Web hosting vendors need to shore up their systems following the discovery of a hack that creates a means for miscreants to abuse PHP functions that have been disabled for security reasons.

Shared hosting providers often rely heavily on PHP function blacklists to stop their clients from interfering with the adjacent systems of other users.

A Russian language-speaking security researcher nicknamed Twoster uncovered a mechanism to bypass these controls using an imap_open exploit.

Security researcher Anton Lopanitsyn (AKA i_Bo0oM) publicised this work through a post on GitHub. The exploit works on Debian and Ubuntu versions of Linux.

Rather than re-enabling a dangerous function, the hack creates a means to abuse functions that were previously thought to be safe in order to run arbitrary code execution-style attacks.

Web hosts need to blacklist the problematic function.

The PHP language is widely (but not universally) used for creating websites.
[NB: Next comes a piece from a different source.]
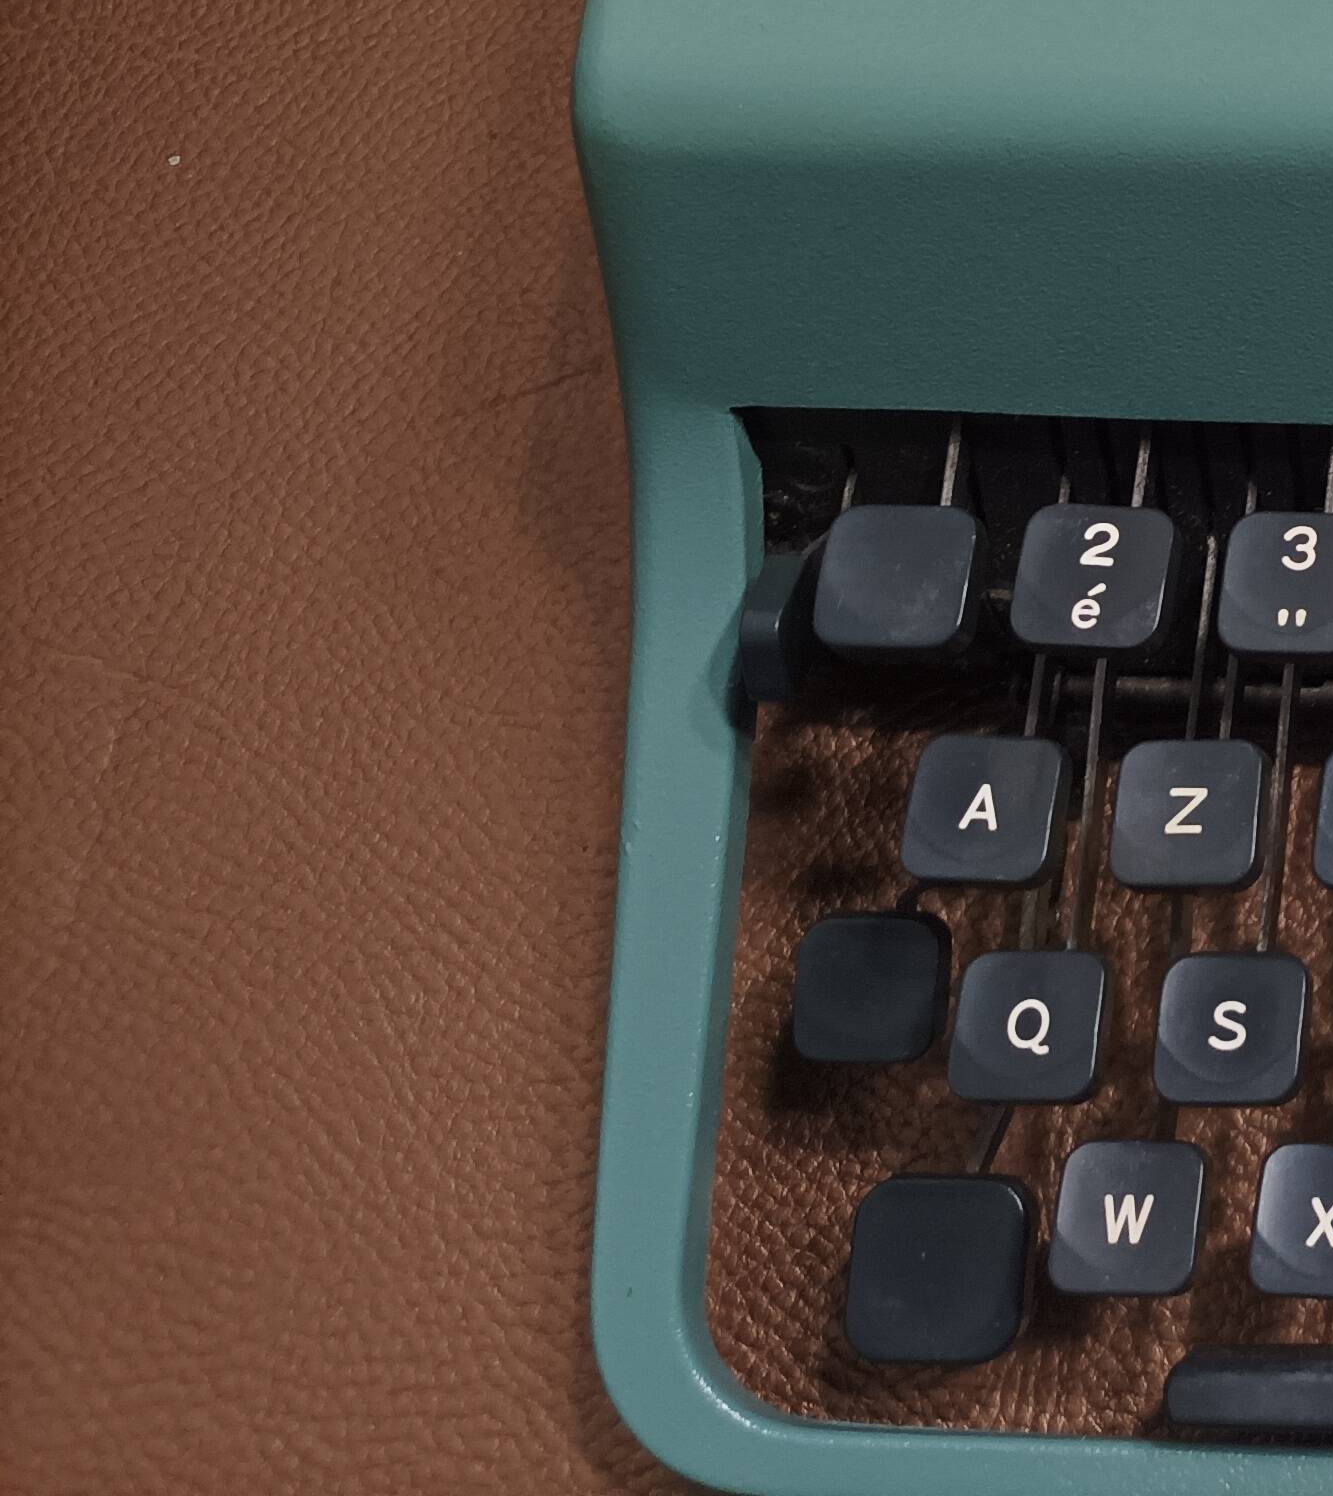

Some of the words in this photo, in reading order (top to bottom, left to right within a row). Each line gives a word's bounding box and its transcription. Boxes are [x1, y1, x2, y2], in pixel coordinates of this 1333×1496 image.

OWASP has published recommendations on PHP functions that ought to be disabled as dangerous unless they are explicitly needed.

These recommendations are reflected in published advice related to PHP usage from various hosting providers.

Despite this advice, and general agreement among experts about best practice on PHP usage, mistakes and oversights still happen.

For example, French web hacker Nicolas Grégoire reports that he recently discovered an (unnamed) large hosting provider which forgot to include proc_open() in the list of disabled PHP functions.

The security oversight meant that anyone already able to execute some PHP code – for example, an unrestricted file upload – could easily get a shell on vulnerable systems.